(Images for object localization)
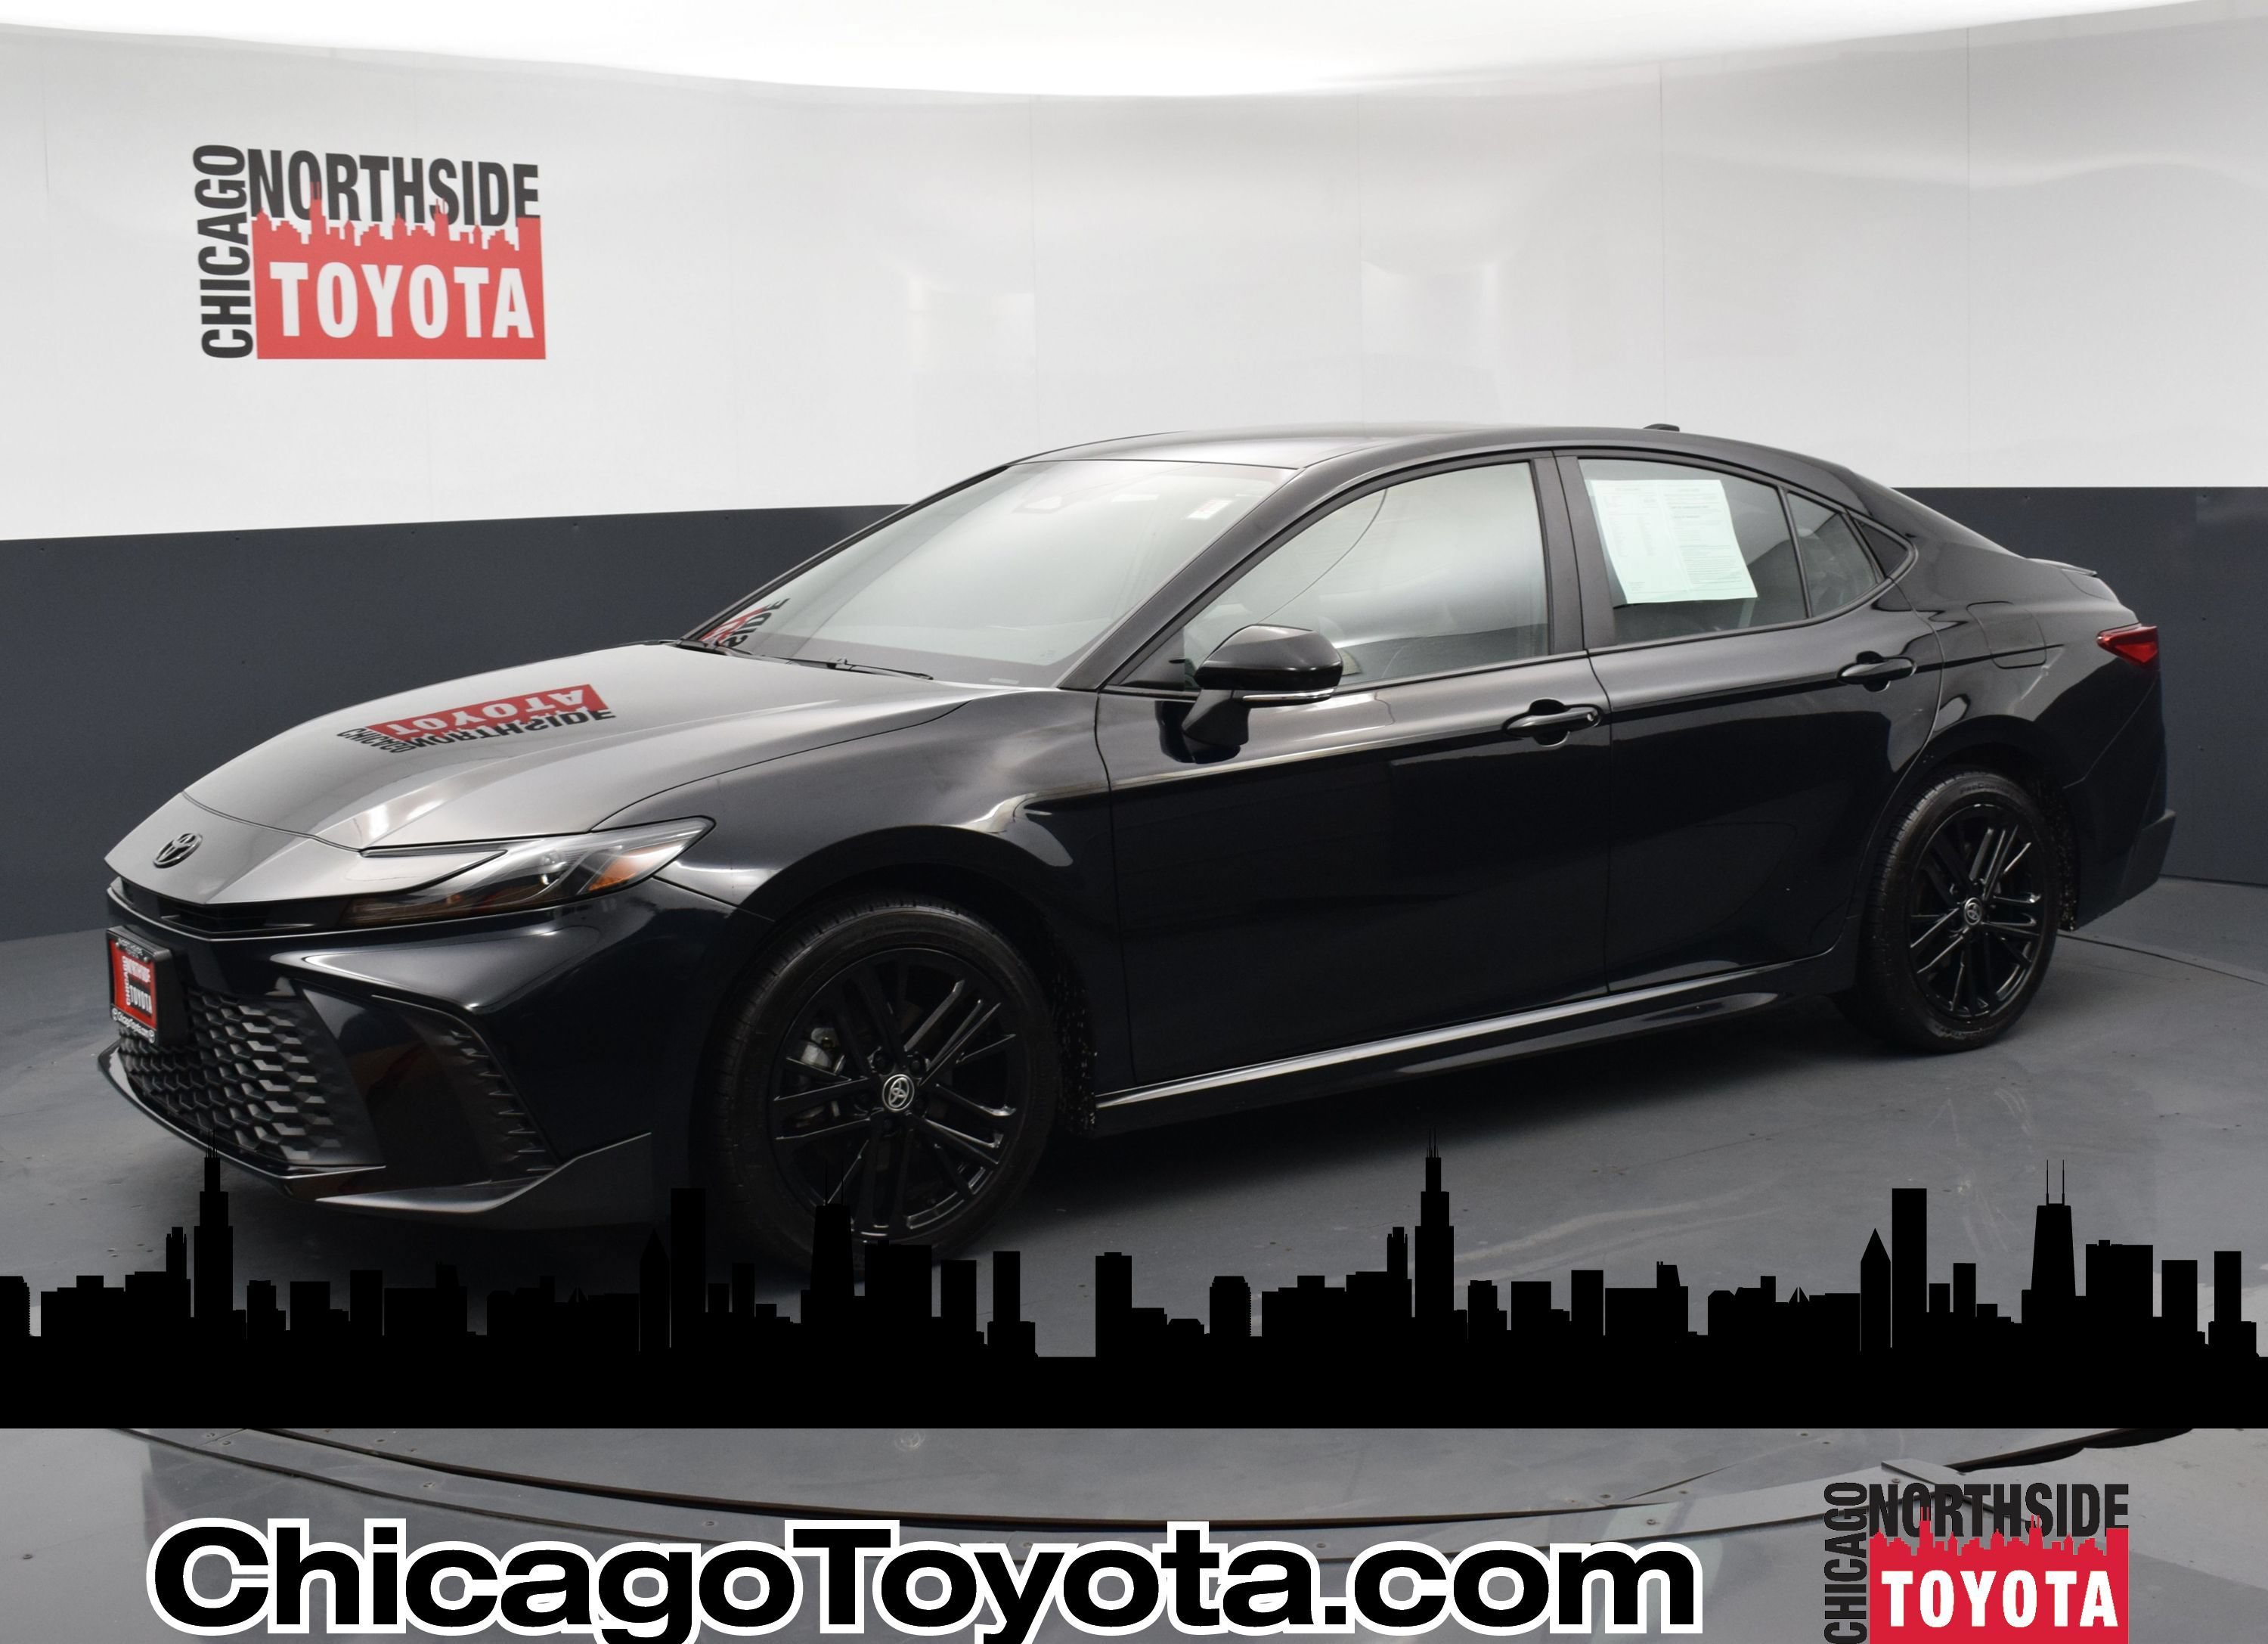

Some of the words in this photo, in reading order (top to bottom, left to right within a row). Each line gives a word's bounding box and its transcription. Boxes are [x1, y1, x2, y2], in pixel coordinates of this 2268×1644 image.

[246, 148, 540, 228] NORTHSIDE
[192, 144, 254, 359] CHICAGO
[269, 261, 535, 339] TOYOTA
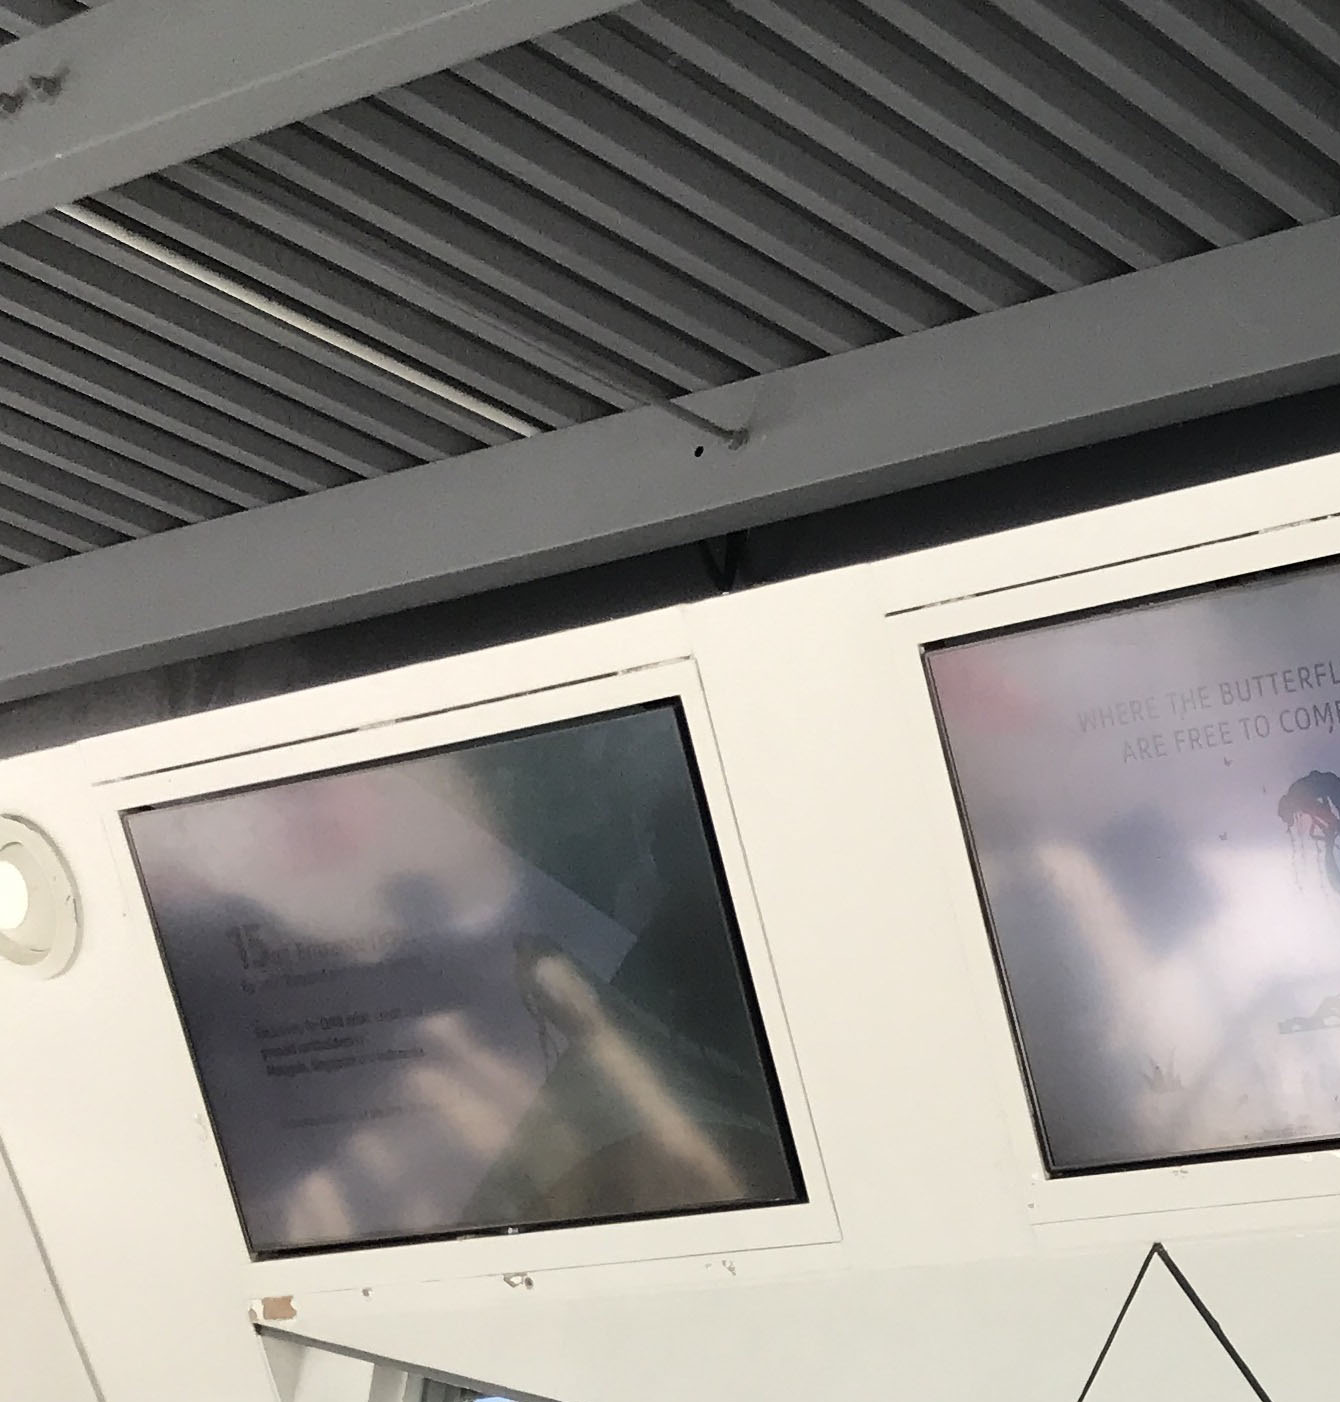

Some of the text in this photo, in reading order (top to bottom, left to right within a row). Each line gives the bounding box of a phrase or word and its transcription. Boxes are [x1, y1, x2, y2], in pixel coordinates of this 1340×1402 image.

[1077, 697, 1160, 733] WHERE
[1166, 686, 1212, 715] THE
[1124, 734, 1167, 763] ARE
[1174, 721, 1233, 753] FREE
[1239, 715, 1271, 741] TO

## ABOUT THIS TASK:
Each line above has to be returned exactly. Drop the pictures.

## RESPONSE AREA:
Some of the words in this photo, in reading order (top to bottom, left to right within a row). Each line gives a word's bounding box and its transcription. Boxes are [x1, y1, x2, y2], in pixel coordinates of this 2268×1644 image.

[246, 148, 540, 228] NORTHSIDE
[192, 144, 254, 359] CHICAGO
[269, 261, 535, 339] TOYOTA

Some of the text in this photo, in reading order (top to bottom, left to right within a row). Each line gives the bounding box of a phrase or word and its transcription. Boxes are [x1, y1, x2, y2], in pixel coordinates of this 1340×1402 image.

[1077, 697, 1160, 733] WHERE
[1166, 686, 1212, 715] THE
[1124, 734, 1167, 763] ARE
[1174, 721, 1233, 753] FREE
[1239, 715, 1271, 741] TO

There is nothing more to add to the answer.